First I observed that this phenomenon did not appear necessarily after starting the first of many torrents. So clearly something was getting precipitated due to the torrent starting up and not simply because a torrent was active. Next, when the phenomenon was active, I tried pinging Google's DNS servers. They worked fine. Next I tried to SSH into a remote machine in USA. The connection failed. So I tried to SSH into a machine on the LAN. The connection failed again. Clearly something was blocking only TCP traffic.

Next I forced a switch of my IP address. Immediately, all websites i.e. new web connections opened up fine. So it appeared that this blocking was attached to the IP address. I still did not know whether it was being blocked on my machine or on the network. So I installed Wireshark and snooped on my local outbound network traffic. Everything appeared fine. Then I started a couple of torrents. I saw a flurry of new TCP and UDP connections. Then, I tried opening up a new Firefox tab to Yahoo . Wireshark showed that no SYN ACK packets were coming back. That was it. The blocking was occuring on the network.

Since I was accessing the Internet using a college's LAN who had their own commercial UTM box, I had to walk up to the college system administrator. I explained to him the problem but he did not have any significant insight into the matter. He said that by default no traffic was blocked---even torrents. So I persuaded him to let me look the at the UTM interface. The UTM was a Cyberoam 50i device. After some half an hour of trying to figure out which of the settings affected what, I had a nagging suspicion about one of the parameters.

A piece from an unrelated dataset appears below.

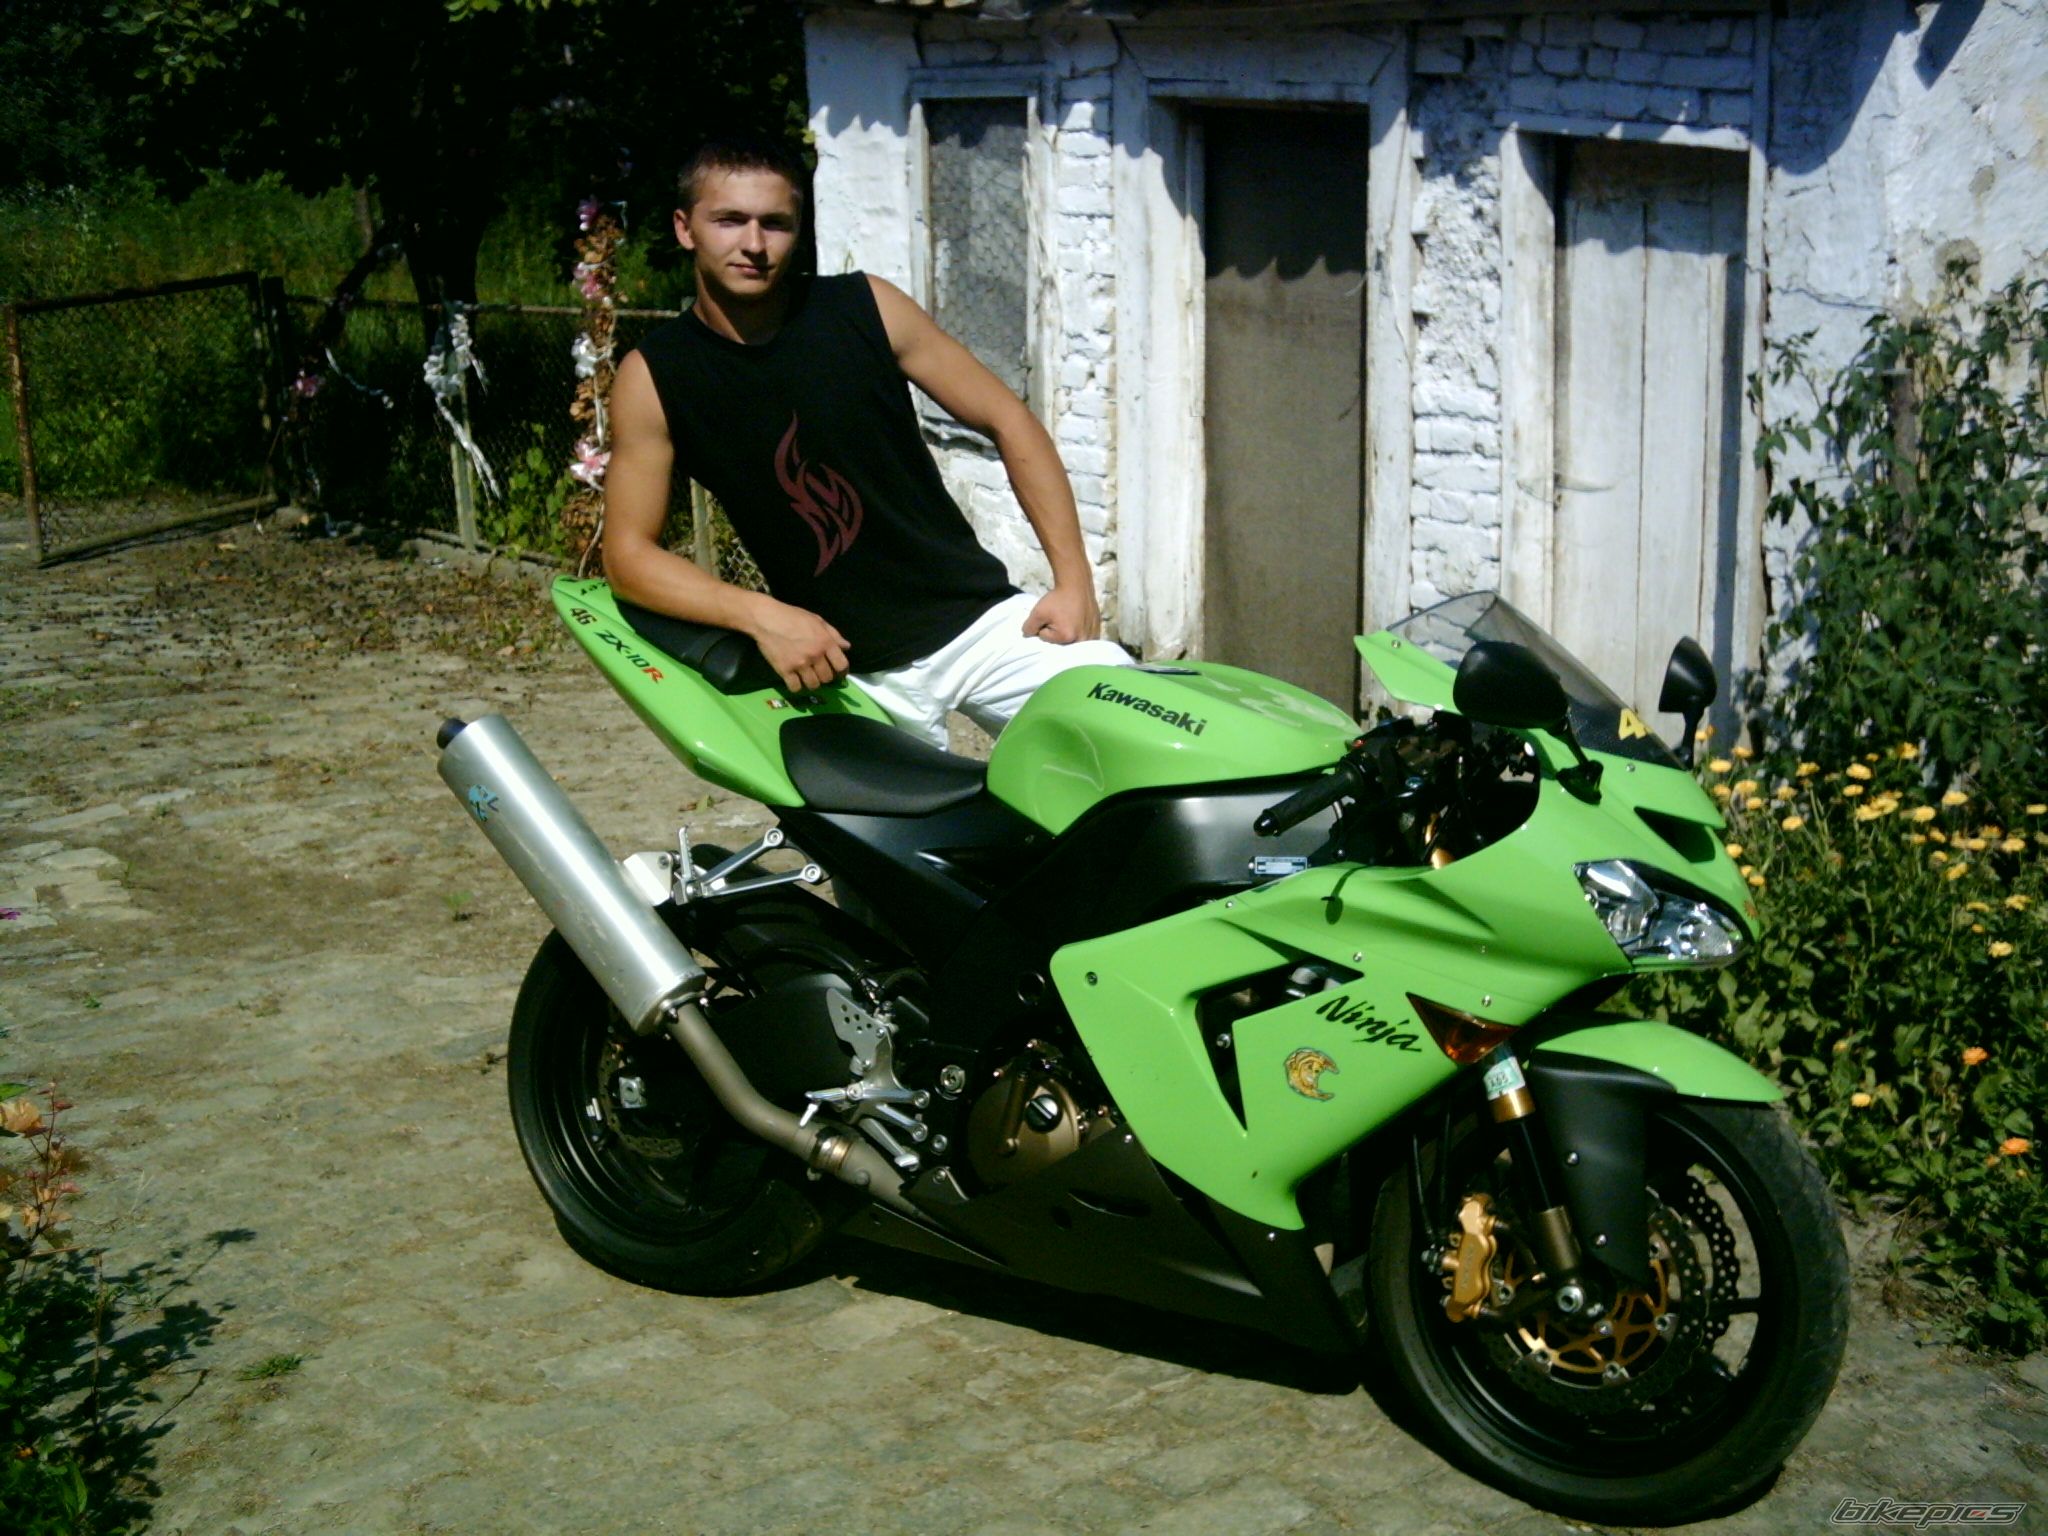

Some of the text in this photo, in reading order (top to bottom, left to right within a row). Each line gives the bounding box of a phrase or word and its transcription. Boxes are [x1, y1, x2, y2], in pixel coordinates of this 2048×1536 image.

A quick call to Cyberoam and my suspicion was confirmed. It turned out that the UTM firewall limited the maximum number of new connections per minute per user (essentially IP address). If the threshold was crossed---and this is what surprised me---the machine was blocked from making any new connections for a certain period of time. So essentially, even as existing connections from the machine steadily dropped to zero, the machine was not allowed to make new connections. Clearly, this was done to prevent a classic DoS attack and to give time to the network administrator to investigate if the flurry of new connections was an attack or a genuine request from a user. Nevertheless this was inconvenient to me. So we increased the threshold values for maximum number of connections by an order of magnitude. No doubt if someone does attack the UTM, it will be harder to detect now, but that is unlikely from within the college network. For my part though, I have not seen that phenomenon recur again.